START Data to examine

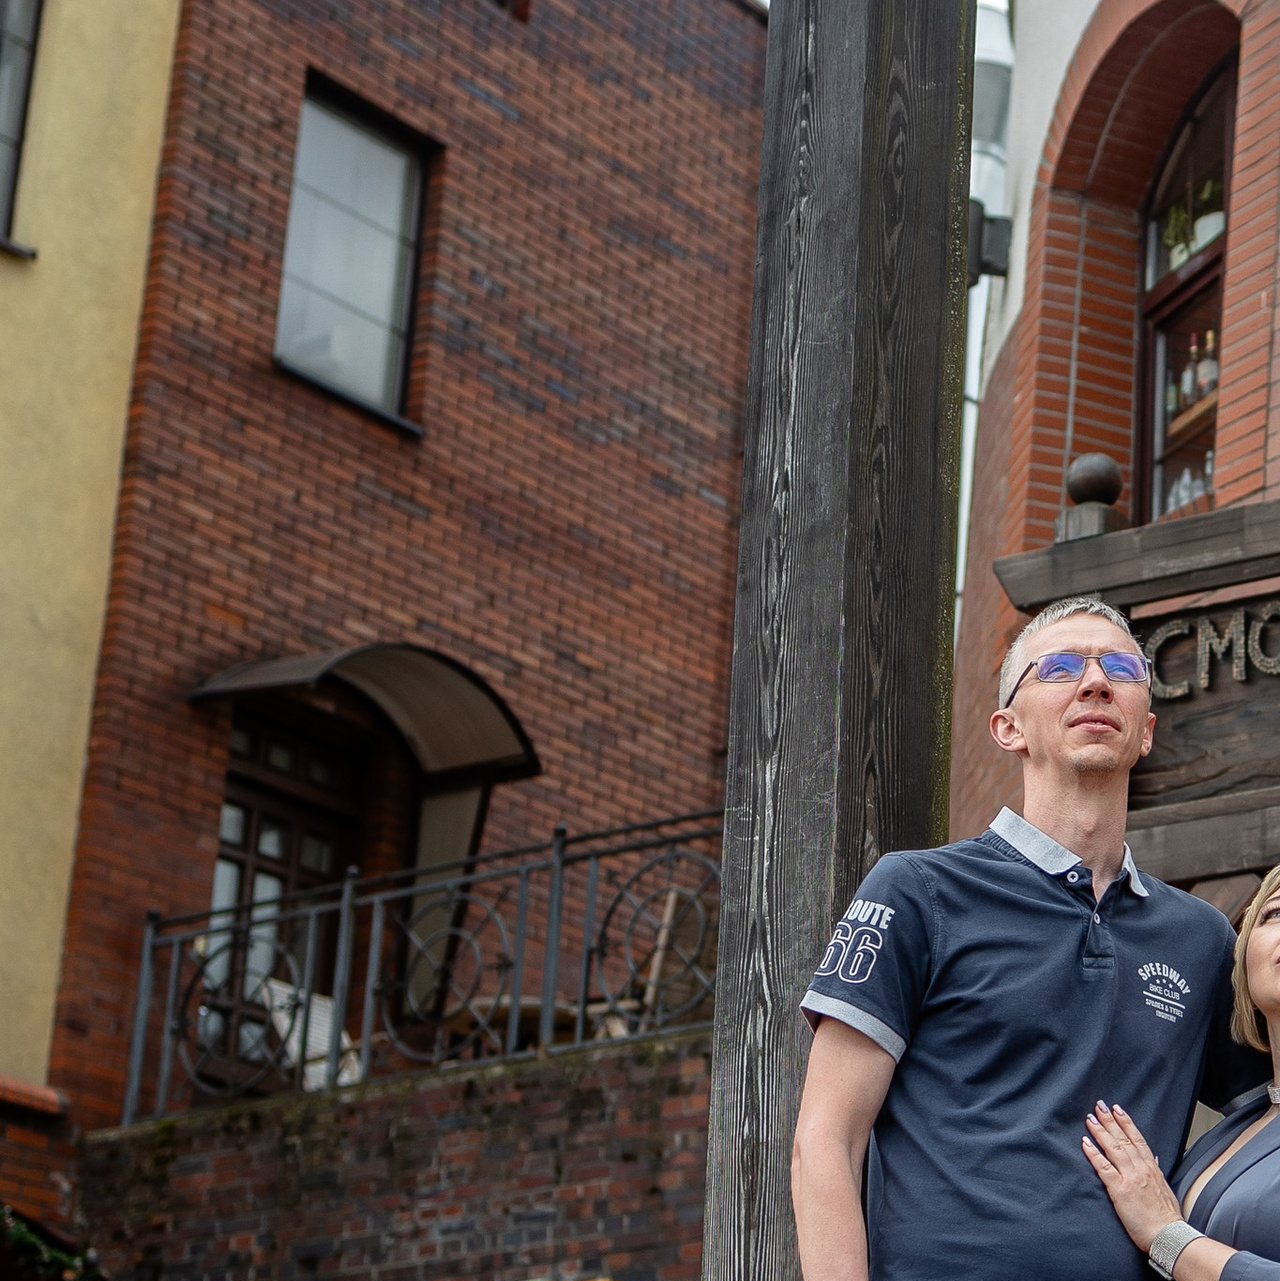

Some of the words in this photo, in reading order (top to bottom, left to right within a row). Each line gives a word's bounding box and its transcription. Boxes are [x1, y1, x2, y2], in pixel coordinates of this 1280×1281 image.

[814, 922, 883, 984] 66
[1137, 962, 1191, 995] SPEEDWAY
[1149, 983, 1163, 995] BIKE
[1163, 988, 1180, 1001] CLUB
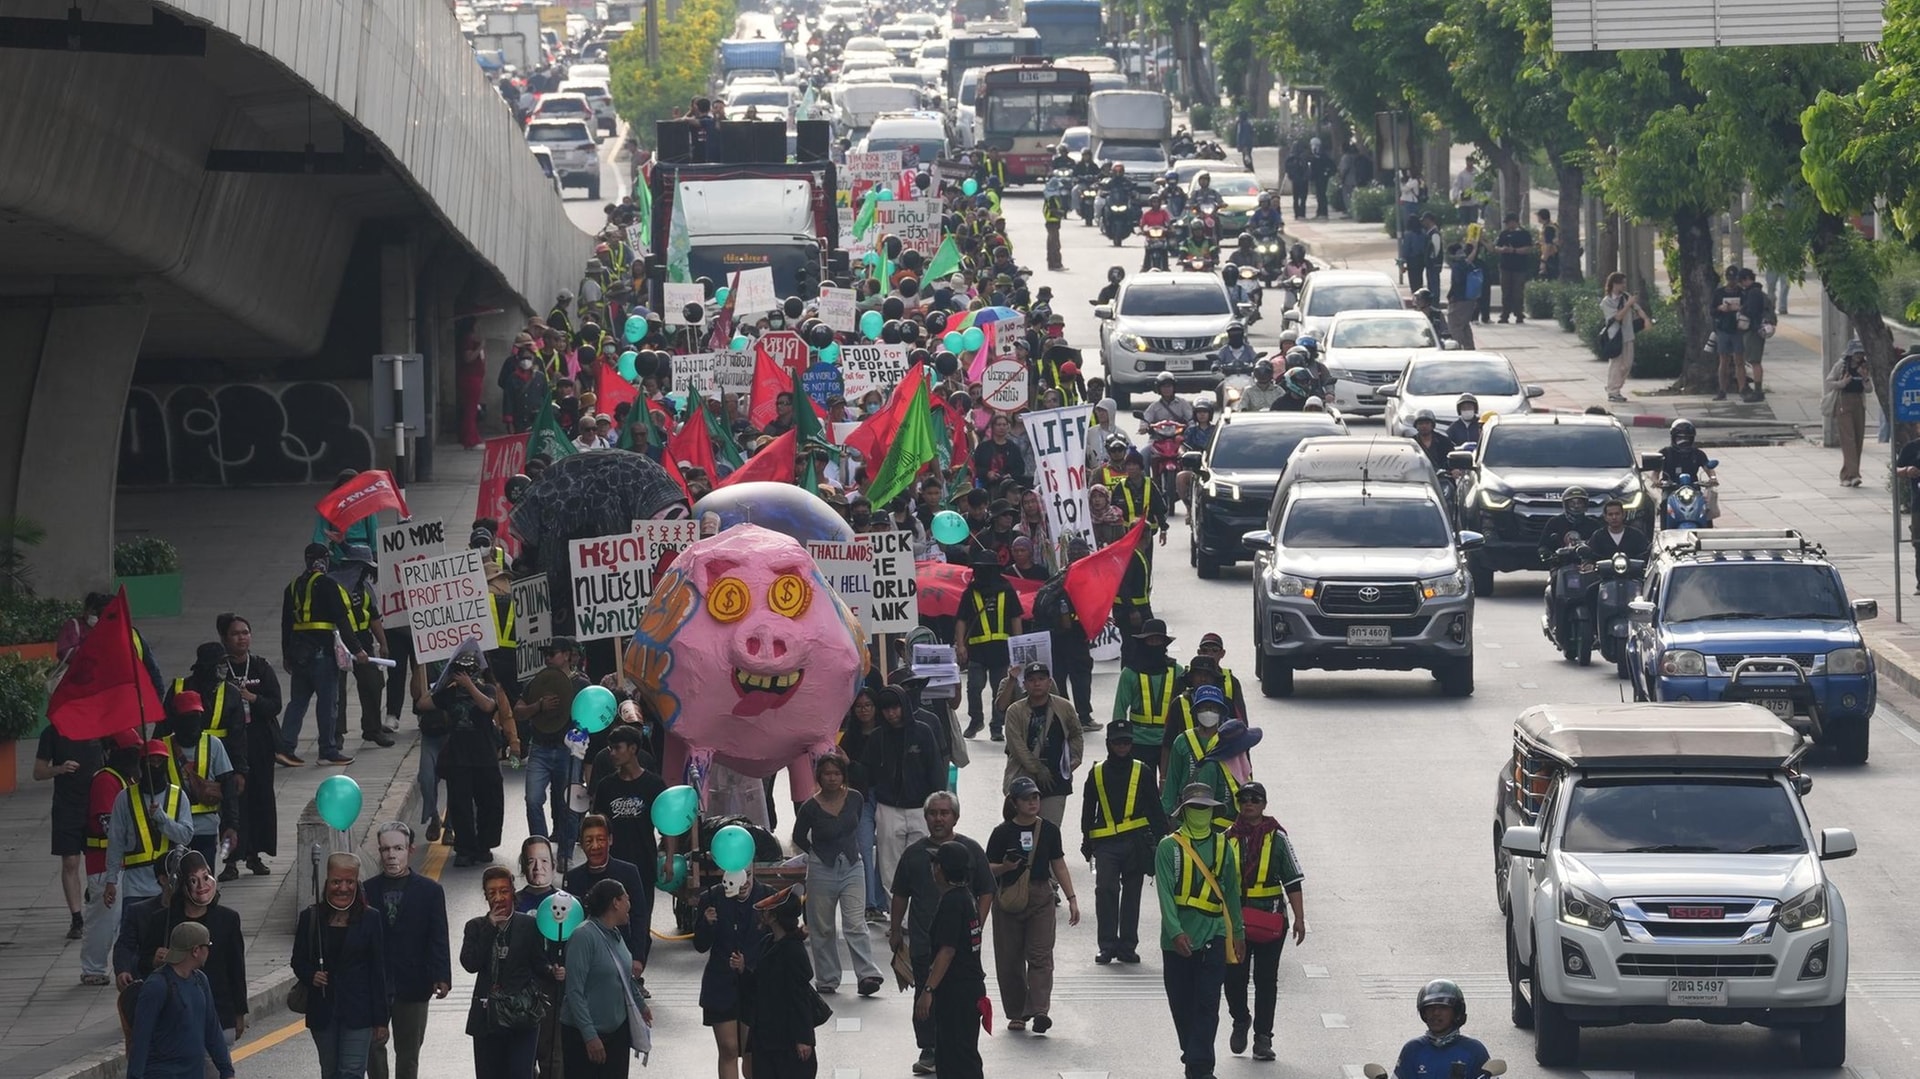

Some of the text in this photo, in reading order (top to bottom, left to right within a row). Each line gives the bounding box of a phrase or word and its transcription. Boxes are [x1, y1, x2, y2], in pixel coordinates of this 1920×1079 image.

[842, 348, 901, 361] FOOD for
[802, 371, 837, 381] OUR WORLD
[869, 370, 906, 383] PROFI
[811, 383, 827, 391] NOT
[828, 382, 840, 391] FOR
[484, 441, 523, 481] LAND
[1043, 460, 1058, 493] is
[382, 521, 445, 553] NO MORE
[579, 536, 646, 572] หยุด!
[808, 543, 873, 562] THAILAND'S
[404, 552, 479, 586] PRIVATIZE
[408, 577, 481, 608] PROFITS,
[841, 574, 871, 593] HELL
[873, 578, 917, 599] ORLD
[412, 598, 488, 630] SOCIALIZE
[872, 601, 910, 621] ANK
[417, 622, 483, 654] LOSSES
[1369, 628, 1388, 637] 4607
[1767, 700, 1789, 710] 3757
[1671, 907, 1723, 919] ISUZU
[1697, 981, 1724, 992] 5497
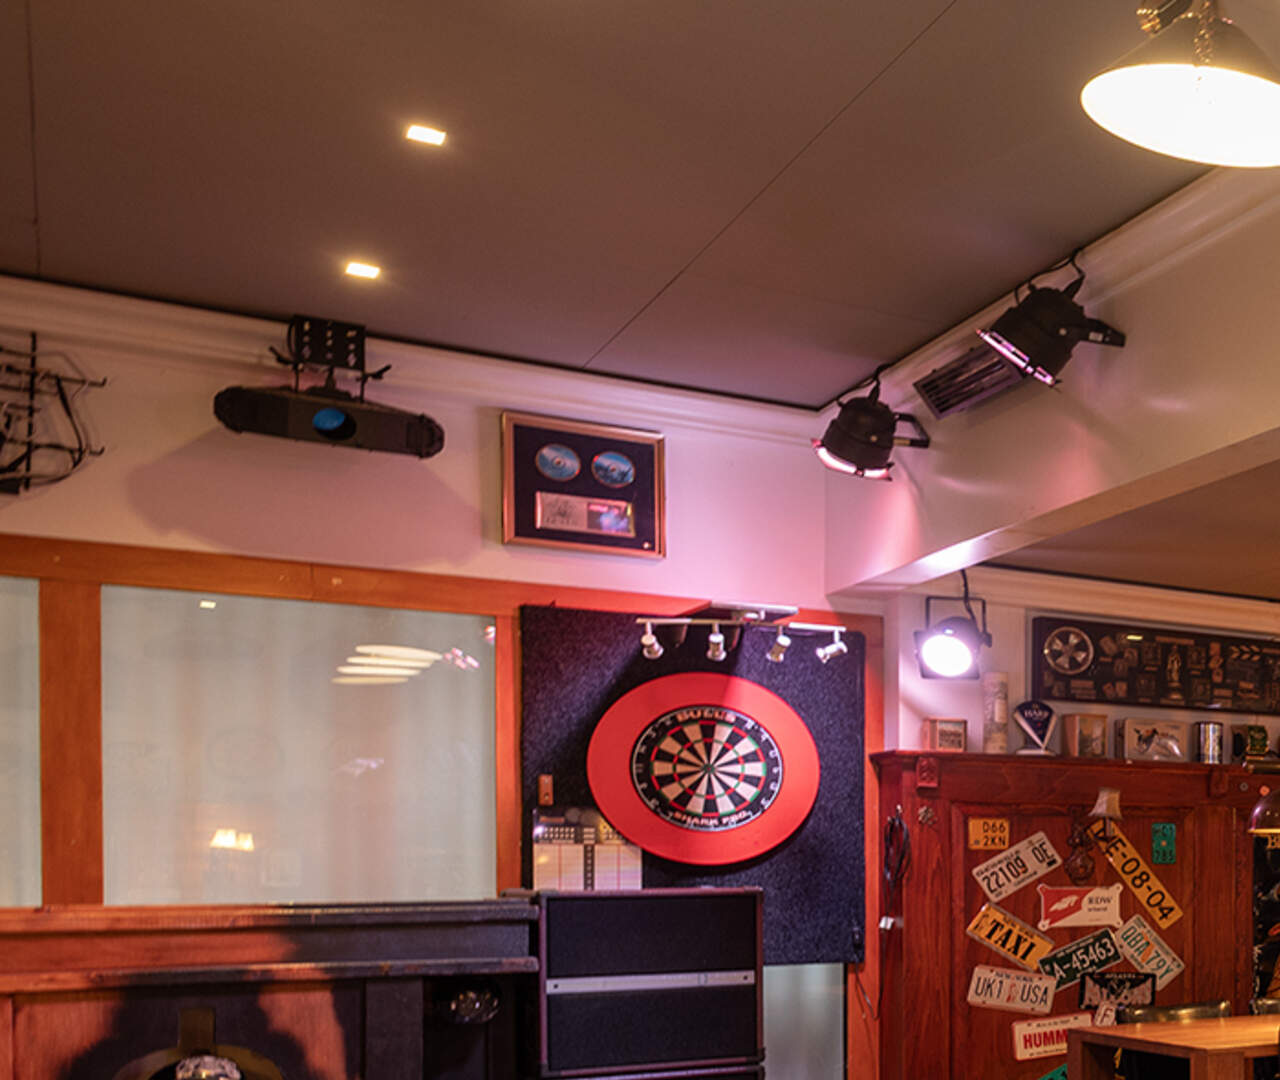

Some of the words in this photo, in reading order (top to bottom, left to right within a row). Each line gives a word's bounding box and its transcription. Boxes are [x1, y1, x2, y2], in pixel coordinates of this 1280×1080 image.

[981, 855, 1029, 894] 22109
[984, 919, 1037, 961] TAXI
[1053, 938, 1115, 980] A-45463
[1020, 982, 1049, 1006] USA
[1022, 1028, 1068, 1050] HUMM

END Data to examine

• Required action:
Return, with nothing added or dropped, the line containing "this 1280×1080 image." and every line after it to the end of the listing above.

• Solution for this exercise:
Some of the words in this photo, in reading order (top to bottom, left to right within a row). Each line gives a word's bounding box and its transcription. Boxes are [x1, y1, x2, y2], in pixel coordinates of this 1280×1080 image.

[981, 855, 1029, 894] 22109
[984, 919, 1037, 961] TAXI
[1053, 938, 1115, 980] A-45463
[1020, 982, 1049, 1006] USA
[1022, 1028, 1068, 1050] HUMM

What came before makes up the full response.